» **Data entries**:
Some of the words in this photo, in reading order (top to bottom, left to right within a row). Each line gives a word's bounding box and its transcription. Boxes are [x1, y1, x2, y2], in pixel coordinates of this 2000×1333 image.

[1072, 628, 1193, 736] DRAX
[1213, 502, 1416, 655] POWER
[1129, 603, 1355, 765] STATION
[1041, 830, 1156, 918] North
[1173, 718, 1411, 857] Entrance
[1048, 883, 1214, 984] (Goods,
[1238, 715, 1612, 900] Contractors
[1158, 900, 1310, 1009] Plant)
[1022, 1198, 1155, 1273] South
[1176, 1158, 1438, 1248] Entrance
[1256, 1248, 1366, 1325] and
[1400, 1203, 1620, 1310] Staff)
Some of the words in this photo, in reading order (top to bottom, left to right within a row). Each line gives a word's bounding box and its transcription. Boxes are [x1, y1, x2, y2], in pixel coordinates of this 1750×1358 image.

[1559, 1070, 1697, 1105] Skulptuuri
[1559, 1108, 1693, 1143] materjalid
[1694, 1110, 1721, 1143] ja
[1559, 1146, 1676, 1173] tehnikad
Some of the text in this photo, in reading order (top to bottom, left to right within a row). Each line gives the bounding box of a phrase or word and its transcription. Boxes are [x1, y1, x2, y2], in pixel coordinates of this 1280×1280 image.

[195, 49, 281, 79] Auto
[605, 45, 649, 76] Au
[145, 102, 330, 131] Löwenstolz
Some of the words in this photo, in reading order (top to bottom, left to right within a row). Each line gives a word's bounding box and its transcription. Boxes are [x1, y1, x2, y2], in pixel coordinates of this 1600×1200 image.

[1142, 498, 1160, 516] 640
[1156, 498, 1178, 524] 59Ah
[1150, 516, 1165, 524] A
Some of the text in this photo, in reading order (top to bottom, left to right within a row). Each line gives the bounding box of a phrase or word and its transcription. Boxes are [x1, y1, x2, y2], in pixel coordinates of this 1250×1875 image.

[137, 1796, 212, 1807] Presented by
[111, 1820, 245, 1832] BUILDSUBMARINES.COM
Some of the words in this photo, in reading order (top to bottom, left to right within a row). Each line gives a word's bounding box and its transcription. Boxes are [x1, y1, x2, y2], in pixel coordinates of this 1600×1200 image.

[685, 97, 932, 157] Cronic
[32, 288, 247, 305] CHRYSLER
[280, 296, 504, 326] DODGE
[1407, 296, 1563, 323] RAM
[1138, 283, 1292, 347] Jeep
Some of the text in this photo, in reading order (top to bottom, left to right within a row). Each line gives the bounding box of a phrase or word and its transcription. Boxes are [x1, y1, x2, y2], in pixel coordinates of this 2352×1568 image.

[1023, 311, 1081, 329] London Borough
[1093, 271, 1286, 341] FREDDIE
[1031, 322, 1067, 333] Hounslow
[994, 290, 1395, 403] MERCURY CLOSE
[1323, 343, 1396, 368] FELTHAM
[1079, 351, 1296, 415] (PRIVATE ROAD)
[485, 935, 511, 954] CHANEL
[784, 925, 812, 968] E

» **About this exercise**:
All records shown above are to be given again verbatim.

» **Output for this task**:
Some of the words in this photo, in reading order (top to bottom, left to right within a row). Each line gives a word's bounding box and its transcription. Boxes are [x1, y1, x2, y2], in pixel coordinates of this 2000×1333 image.

[1072, 628, 1193, 736] DRAX
[1213, 502, 1416, 655] POWER
[1129, 603, 1355, 765] STATION
[1041, 830, 1156, 918] North
[1173, 718, 1411, 857] Entrance
[1048, 883, 1214, 984] (Goods,
[1238, 715, 1612, 900] Contractors
[1158, 900, 1310, 1009] Plant)
[1022, 1198, 1155, 1273] South
[1176, 1158, 1438, 1248] Entrance
[1256, 1248, 1366, 1325] and
[1400, 1203, 1620, 1310] Staff)
Some of the words in this photo, in reading order (top to bottom, left to right within a row). Each line gives a word's bounding box and its transcription. Boxes are [x1, y1, x2, y2], in pixel coordinates of this 1750×1358 image.

[1559, 1070, 1697, 1105] Skulptuuri
[1559, 1108, 1693, 1143] materjalid
[1694, 1110, 1721, 1143] ja
[1559, 1146, 1676, 1173] tehnikad
Some of the text in this photo, in reading order (top to bottom, left to right within a row). Each line gives the bounding box of a phrase or word and its transcription. Boxes are [x1, y1, x2, y2], in pixel coordinates of this 1280×1280 image.

[195, 49, 281, 79] Auto
[605, 45, 649, 76] Au
[145, 102, 330, 131] Löwenstolz
Some of the words in this photo, in reading order (top to bottom, left to right within a row). Each line gives a word's bounding box and its transcription. Boxes are [x1, y1, x2, y2], in pixel coordinates of this 1600×1200 image.

[1142, 498, 1160, 516] 640
[1156, 498, 1178, 524] 59Ah
[1150, 516, 1165, 524] A
Some of the text in this photo, in reading order (top to bottom, left to right within a row). Each line gives the bounding box of a phrase or word and its transcription. Boxes are [x1, y1, x2, y2], in pixel coordinates of this 1250×1875 image.

[137, 1796, 212, 1807] Presented by
[111, 1820, 245, 1832] BUILDSUBMARINES.COM
Some of the words in this photo, in reading order (top to bottom, left to right within a row). Each line gives a word's bounding box and its transcription. Boxes are [x1, y1, x2, y2], in pixel coordinates of this 1600×1200 image.

[685, 97, 932, 157] Cronic
[32, 288, 247, 305] CHRYSLER
[280, 296, 504, 326] DODGE
[1407, 296, 1563, 323] RAM
[1138, 283, 1292, 347] Jeep
Some of the text in this photo, in reading order (top to bottom, left to right within a row). Each line gives the bounding box of a phrase or word and its transcription. Boxes are [x1, y1, x2, y2], in pixel coordinates of this 2352×1568 image.

[1023, 311, 1081, 329] London Borough
[1093, 271, 1286, 341] FREDDIE
[1031, 322, 1067, 333] Hounslow
[994, 290, 1395, 403] MERCURY CLOSE
[1323, 343, 1396, 368] FELTHAM
[1079, 351, 1296, 415] (PRIVATE ROAD)
[485, 935, 511, 954] CHANEL
[784, 925, 812, 968] E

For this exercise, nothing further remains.